* _Problem description_: Exactly as they appear, reproduce the lines from the one holding "this 1280×1709 image." through the last line of the material below.

* _Task input_:
- - - - -

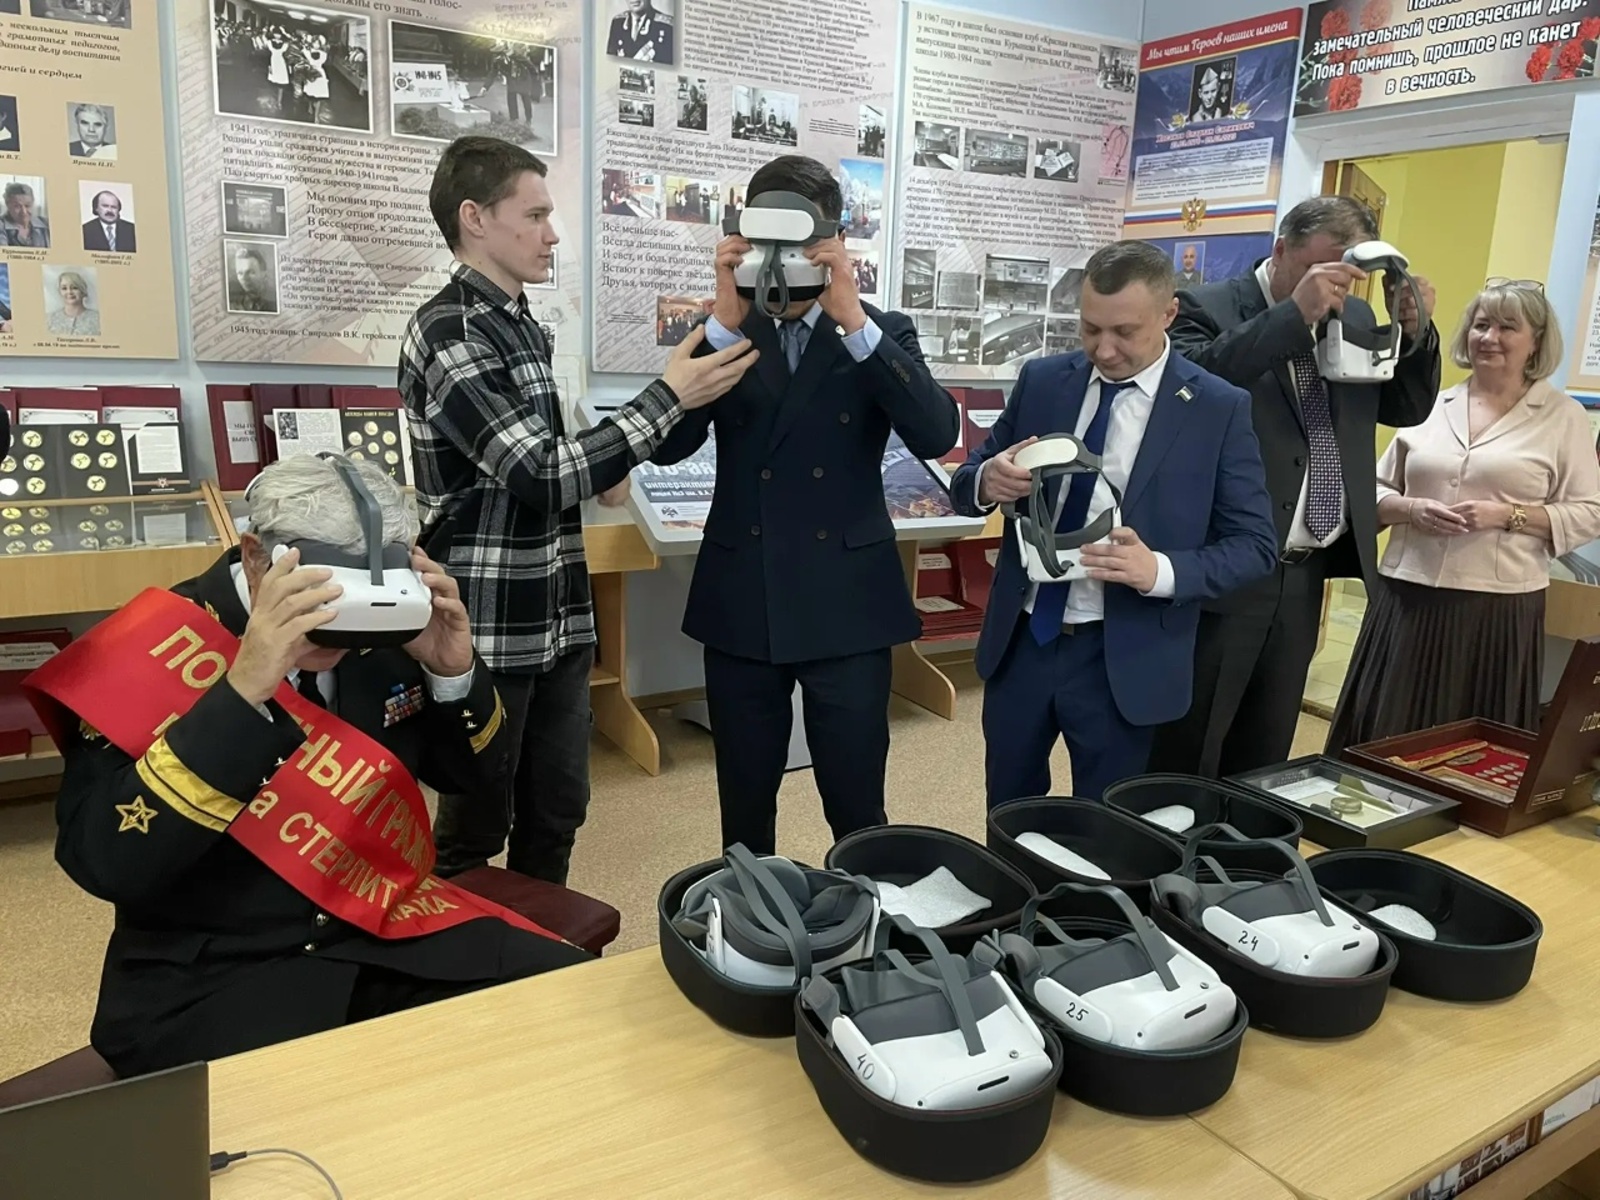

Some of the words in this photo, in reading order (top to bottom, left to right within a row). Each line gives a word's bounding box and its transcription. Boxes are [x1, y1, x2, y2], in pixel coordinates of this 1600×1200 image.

[373, 4, 391, 12] его
[393, 6, 422, 17] знать
[10, 22, 68, 35] нескольким
[1312, 18, 1424, 56] замечательный
[1428, 0, 1542, 33] человеческий
[1546, 0, 1588, 16] дар.
[7, 32, 66, 45] грамотных
[71, 40, 120, 52] педагогов,
[1146, 48, 1163, 61] Мы
[1164, 44, 1190, 57] чтим
[1191, 32, 1223, 54] Героев
[1223, 29, 1255, 44] наших
[1256, 20, 1288, 36] имена
[38, 46, 61, 56] делу
[62, 50, 121, 61] воспитания
[1311, 61, 1345, 81] Пока
[1349, 50, 1419, 74] помнишь,
[1423, 35, 1496, 64] прошлое
[1500, 30, 1523, 50] не
[1527, 21, 1581, 45] канет
[38, 68, 82, 80] сердцем
[1385, 78, 1396, 95] в
[1399, 68, 1475, 93] вечность.
[230, 123, 250, 133] 1941
[306, 191, 325, 201] Мы
[328, 195, 367, 205] помним
[369, 198, 387, 209] про
[390, 201, 424, 213] подвиг,
[306, 204, 344, 217] Дорогу
[346, 209, 374, 219] отцов
[307, 216, 315, 226] В
[318, 218, 378, 233] бессмертие,
[622, 226, 658, 236] меньше
[308, 229, 337, 241] Герои
[340, 235, 368, 243] давно
[602, 236, 635, 247] Всегда
[684, 245, 714, 254] вместе
[602, 249, 610, 259] И
[645, 253, 666, 263] боль
[602, 262, 637, 273] Встают
[602, 275, 637, 288] Друзья,
[639, 280, 676, 291] которых
[686, 284, 709, 292] нами
[1238, 930, 1259, 952] 24
[1066, 1002, 1089, 1021] 25
[857, 1053, 875, 1080] 40
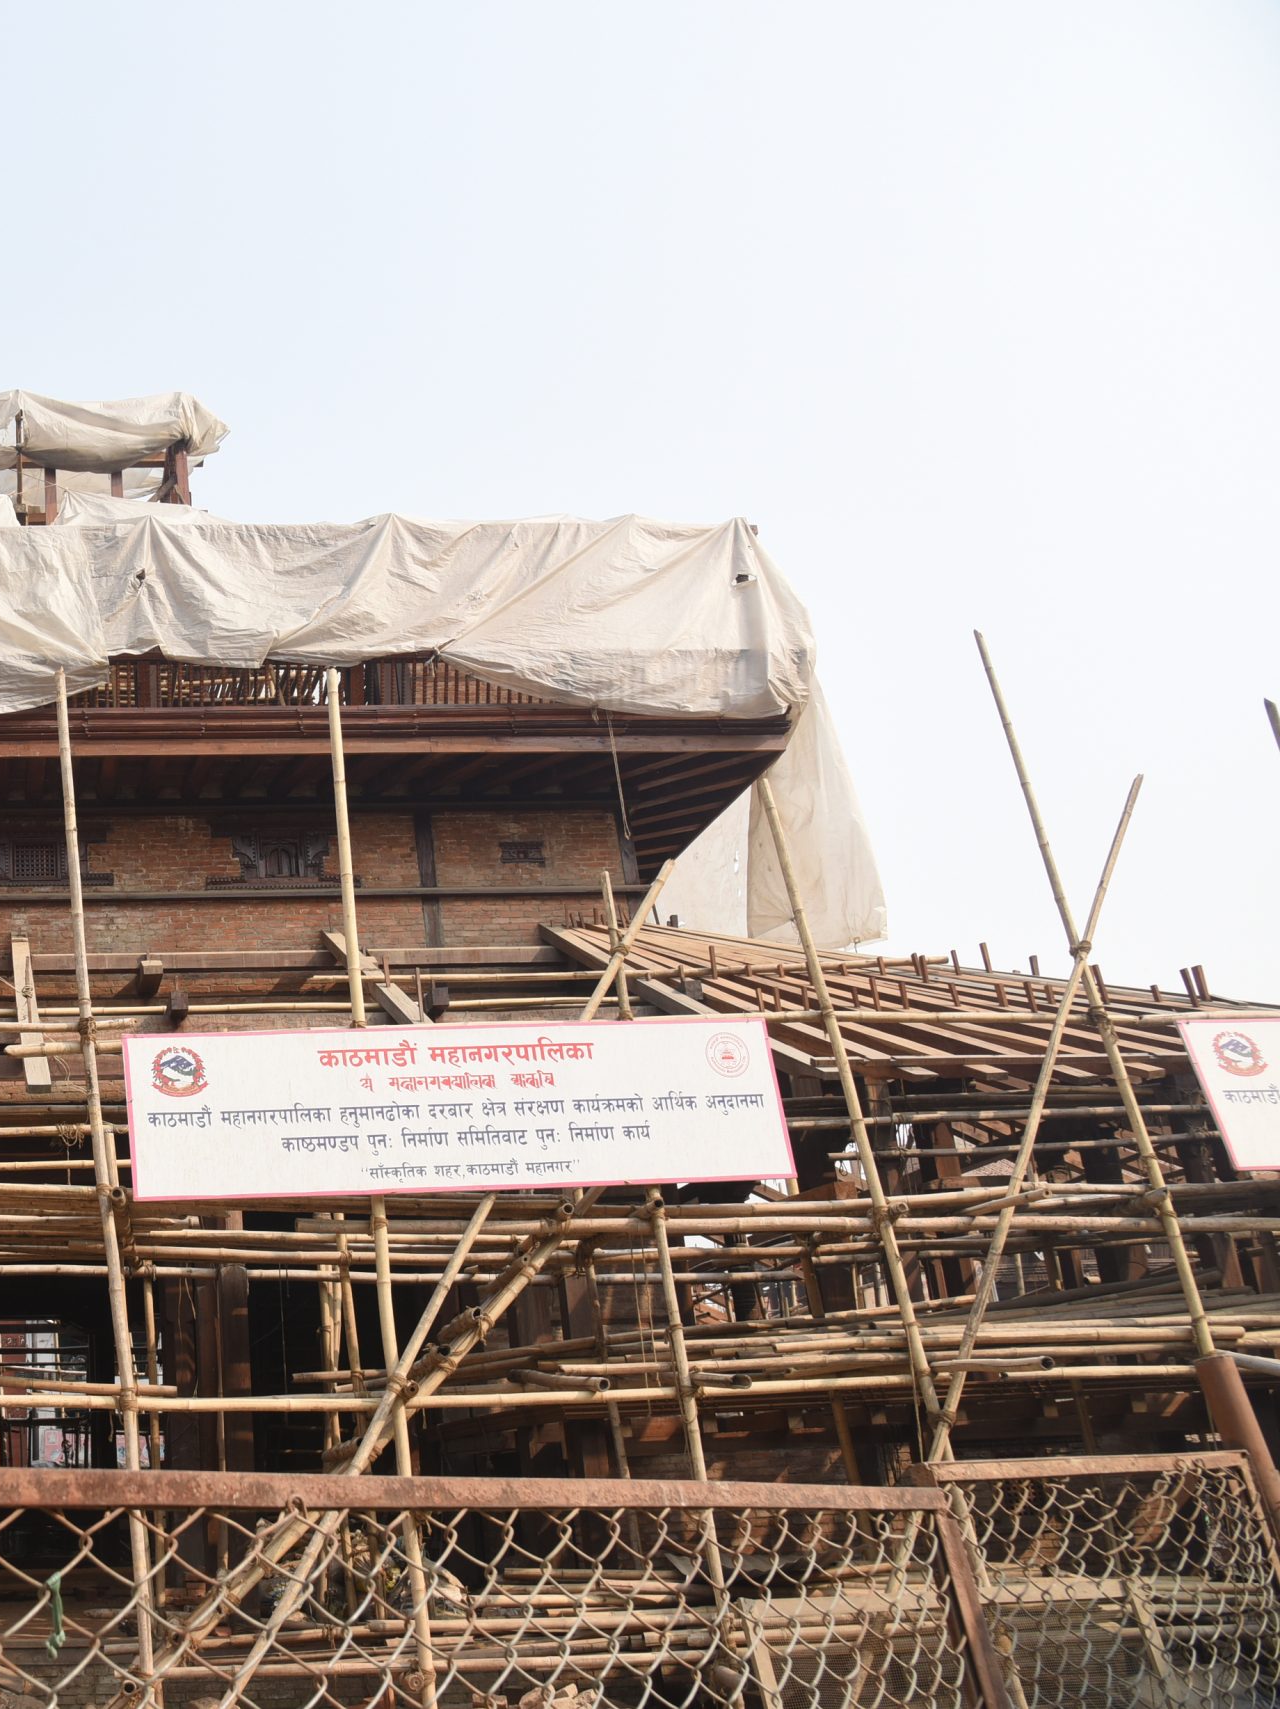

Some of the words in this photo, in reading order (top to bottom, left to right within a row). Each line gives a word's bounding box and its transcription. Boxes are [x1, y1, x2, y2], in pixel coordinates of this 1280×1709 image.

[317, 1039, 418, 1068] काठमाडौं
[428, 1037, 595, 1067] महानगरपालिका
[147, 1104, 212, 1128] काठमाडौं
[220, 1103, 331, 1129] महानगरपालिका
[339, 1100, 420, 1128] हनुमानढोका
[428, 1102, 473, 1120] दरबार
[482, 1097, 507, 1117] क्षेत्र
[513, 1096, 565, 1116] संरक्षण
[572, 1093, 643, 1113] कार्यक्रमको
[652, 1091, 697, 1111] आर्थिक
[705, 1094, 764, 1116] अनुदानमा
[1222, 1083, 1280, 1105] काठमाडौ
[281, 1135, 359, 1153] काष्ठमण्डप
[401, 1127, 448, 1148] निर्माण
[568, 1121, 614, 1143] निर्माण
[622, 1120, 651, 1141] कार्य

- - - - -

* _Solved problem_:
Some of the words in this photo, in reading order (top to bottom, left to right within a row). Each line gives a word's bounding box and its transcription. Boxes are [x1, y1, x2, y2], in pixel coordinates of this 1280×1709 image.

[317, 1039, 418, 1068] काठमाडौं
[428, 1037, 595, 1067] महानगरपालिका
[147, 1104, 212, 1128] काठमाडौं
[220, 1103, 331, 1129] महानगरपालिका
[339, 1100, 420, 1128] हनुमानढोका
[428, 1102, 473, 1120] दरबार
[482, 1097, 507, 1117] क्षेत्र
[513, 1096, 565, 1116] संरक्षण
[572, 1093, 643, 1113] कार्यक्रमको
[652, 1091, 697, 1111] आर्थिक
[705, 1094, 764, 1116] अनुदानमा
[1222, 1083, 1280, 1105] काठमाडौ
[281, 1135, 359, 1153] काष्ठमण्डप
[401, 1127, 448, 1148] निर्माण
[568, 1121, 614, 1143] निर्माण
[622, 1120, 651, 1141] कार्य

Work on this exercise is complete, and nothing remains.